1. In June 2015 the Claimant, Al Buhaira National Insurance Company (“ABNIC”), insured the Defendant, Horizon Energy LLC (“Horizon”), and its subsidiaries and affiliates under a Marine Hull and Machinery Policy and a Marine Hull War Policy (the“Policies”) in respect of a number of vessels. The Policies were subsequently renewed, and were current from 10 June 2018 to 9 June 2019.

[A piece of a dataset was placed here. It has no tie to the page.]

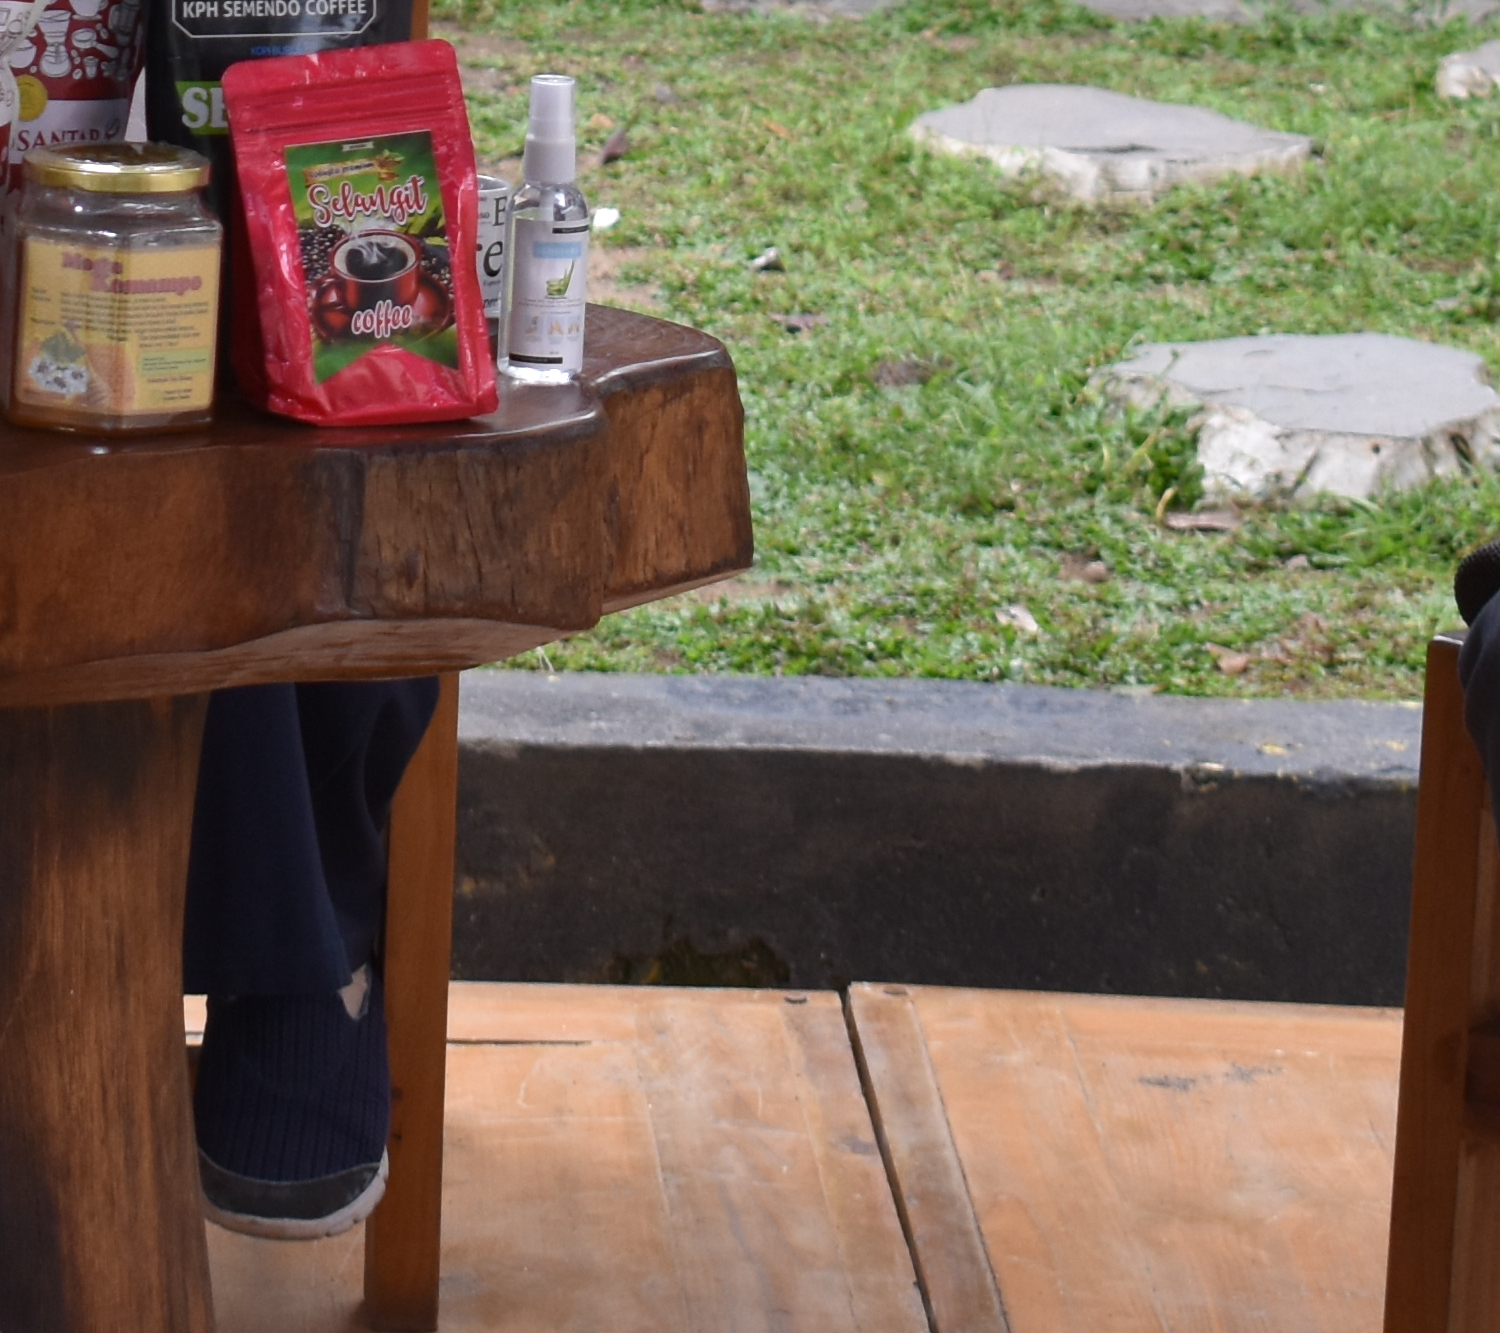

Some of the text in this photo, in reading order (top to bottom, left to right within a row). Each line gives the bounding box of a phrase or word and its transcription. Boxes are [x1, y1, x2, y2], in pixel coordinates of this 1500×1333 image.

[182, 0, 219, 19] KPH
[307, 174, 428, 229] Selangit
[351, 299, 414, 339] coffee
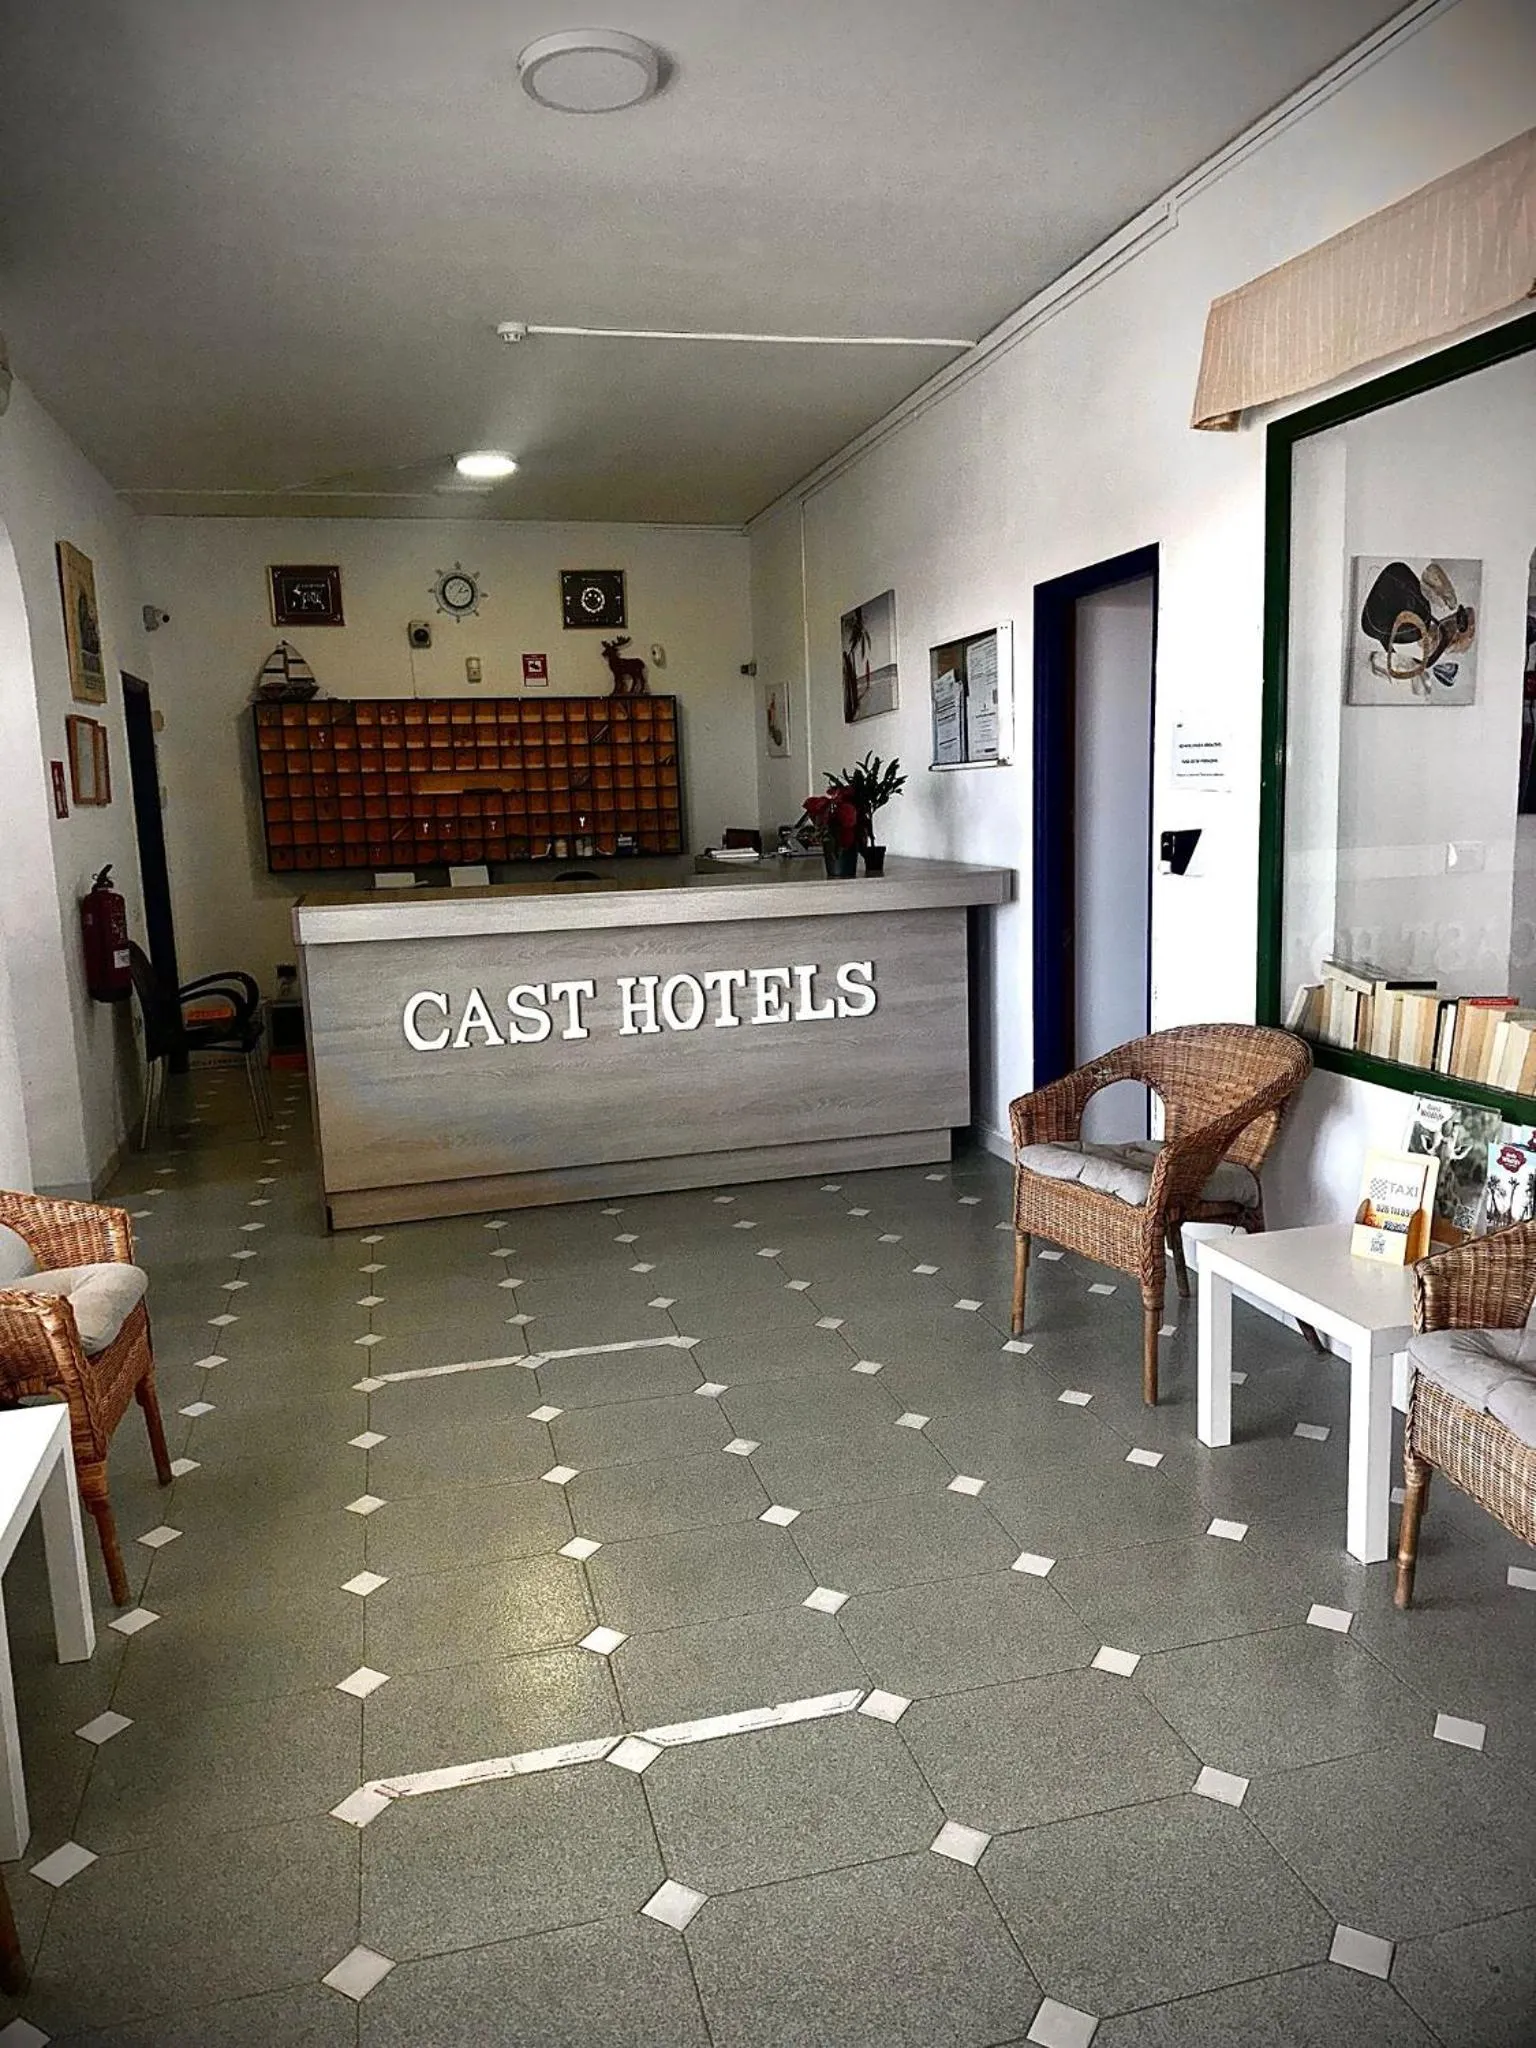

2. The vessels included the “BETA”, a tanker of 55,909 GT (the“Vessel”) owned by a Liberian incorporated subsidiary of Horizon, Al Buhaira International Shipping Incorporated (“ABIS”). Its insured value was US$70 million. In about December 2019, it was discovered by Horizon/ABIS that the Vessel was missing. On 18 November 2020 Horizon notified ABNIC that the Vessel had disappeared, and on 25 October 2021 it gave formal notice of a claim for its loss. Sufficiently for present purposes, it appears common ground now that from mid-May 2019 the Vessel has been located in Iran, as the “MAKRAN” in the service of the Iranian navy.

3. By a Claim Form issued on 11 November 2021, ABNIC claims declarations that the Policies are avoided ab initio on the ground of misrepresentations and that it is not liable to Horizon because the Policies are avoided; and in the alternative, a declaration that for a number of different reasons Horizon’s claim for its loss does not fall within the cover provided by the Policies.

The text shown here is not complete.